# Dataset extract:
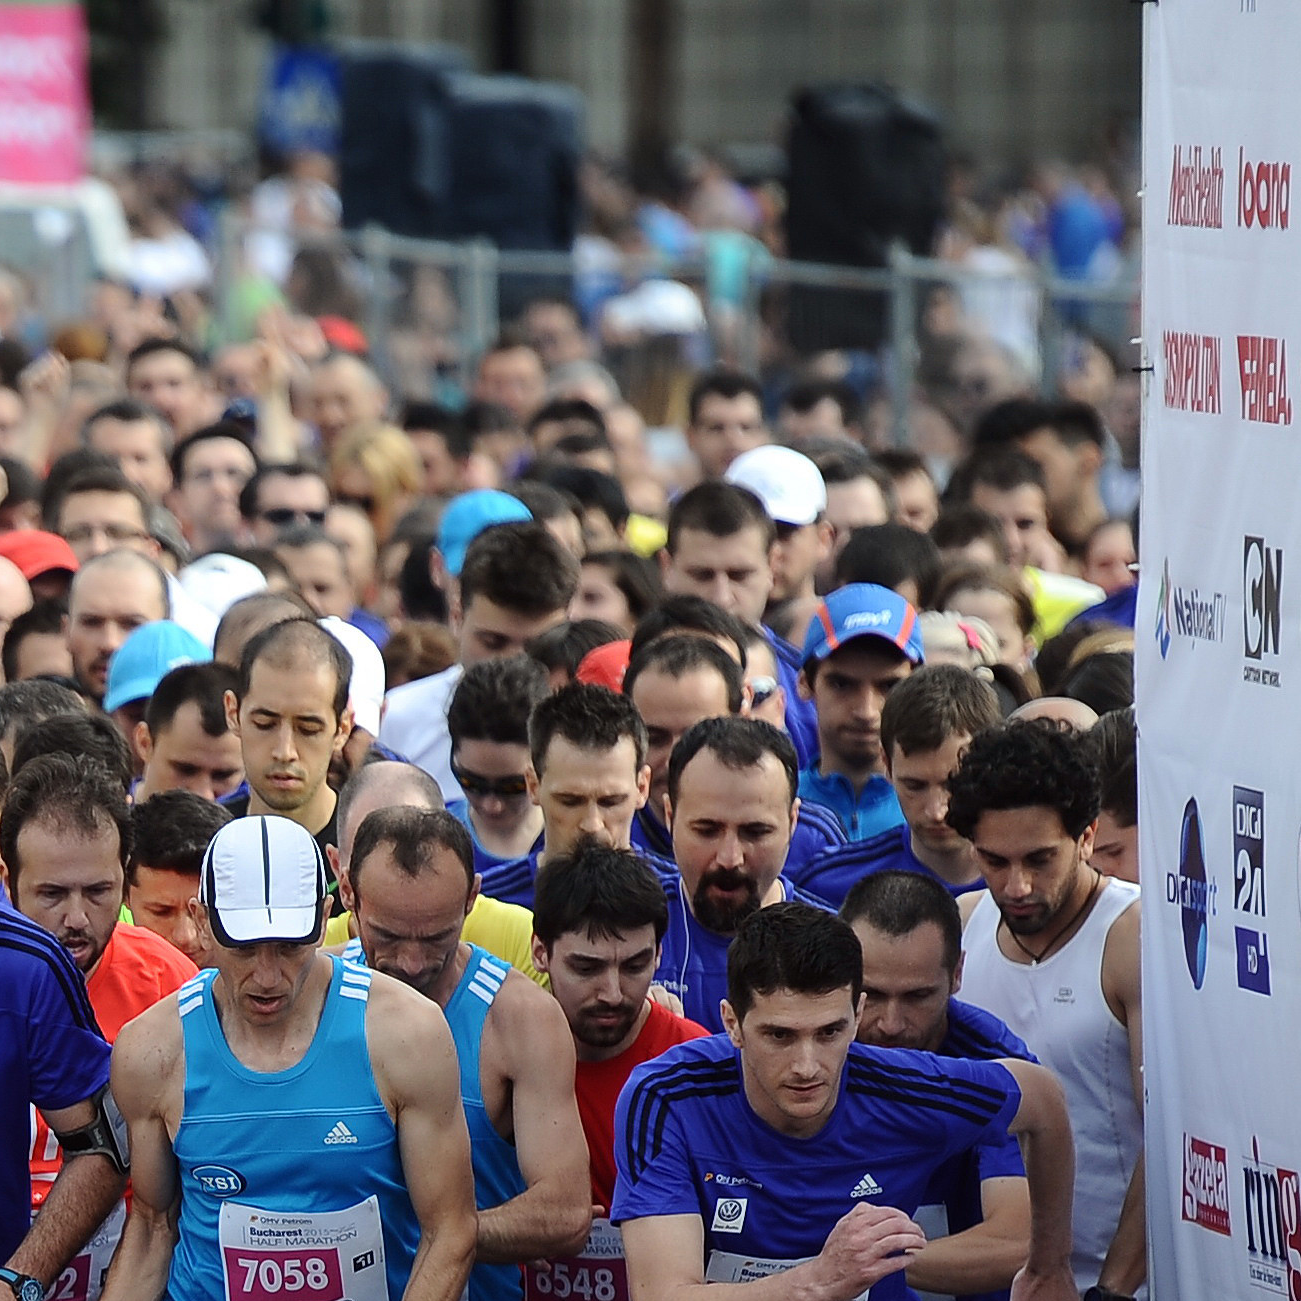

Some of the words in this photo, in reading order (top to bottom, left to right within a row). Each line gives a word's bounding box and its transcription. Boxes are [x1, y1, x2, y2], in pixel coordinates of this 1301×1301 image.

[1163, 330, 1222, 414] COSMOPOLITAN
[1236, 804, 1262, 839] DIGI
[1236, 849, 1263, 915] 24
[323, 1135, 358, 1145] adidas
[1184, 1135, 1228, 1221] gazeta
[850, 1186, 883, 1198] adidas
[249, 1226, 303, 1237] Bucharest
[304, 1228, 331, 1238] 2015
[260, 1216, 280, 1225] OMV
[281, 1217, 313, 1225] Petrom
[249, 1236, 282, 1246] HALF
[285, 1230, 358, 1246] MARATHON
[237, 1257, 329, 1293] 7058

# About this task:
Return all of the entries word for word, but omit the pictures.

# Exercise solution:
Some of the words in this photo, in reading order (top to bottom, left to right within a row). Each line gives a word's bounding box and its transcription. Boxes are [x1, y1, x2, y2], in pixel coordinates of this 1301×1301 image.

[1163, 330, 1222, 414] COSMOPOLITAN
[1236, 804, 1262, 839] DIGI
[1236, 849, 1263, 915] 24
[323, 1135, 358, 1145] adidas
[1184, 1135, 1228, 1221] gazeta
[850, 1186, 883, 1198] adidas
[249, 1226, 303, 1237] Bucharest
[304, 1228, 331, 1238] 2015
[260, 1216, 280, 1225] OMV
[281, 1217, 313, 1225] Petrom
[249, 1236, 282, 1246] HALF
[285, 1230, 358, 1246] MARATHON
[237, 1257, 329, 1293] 7058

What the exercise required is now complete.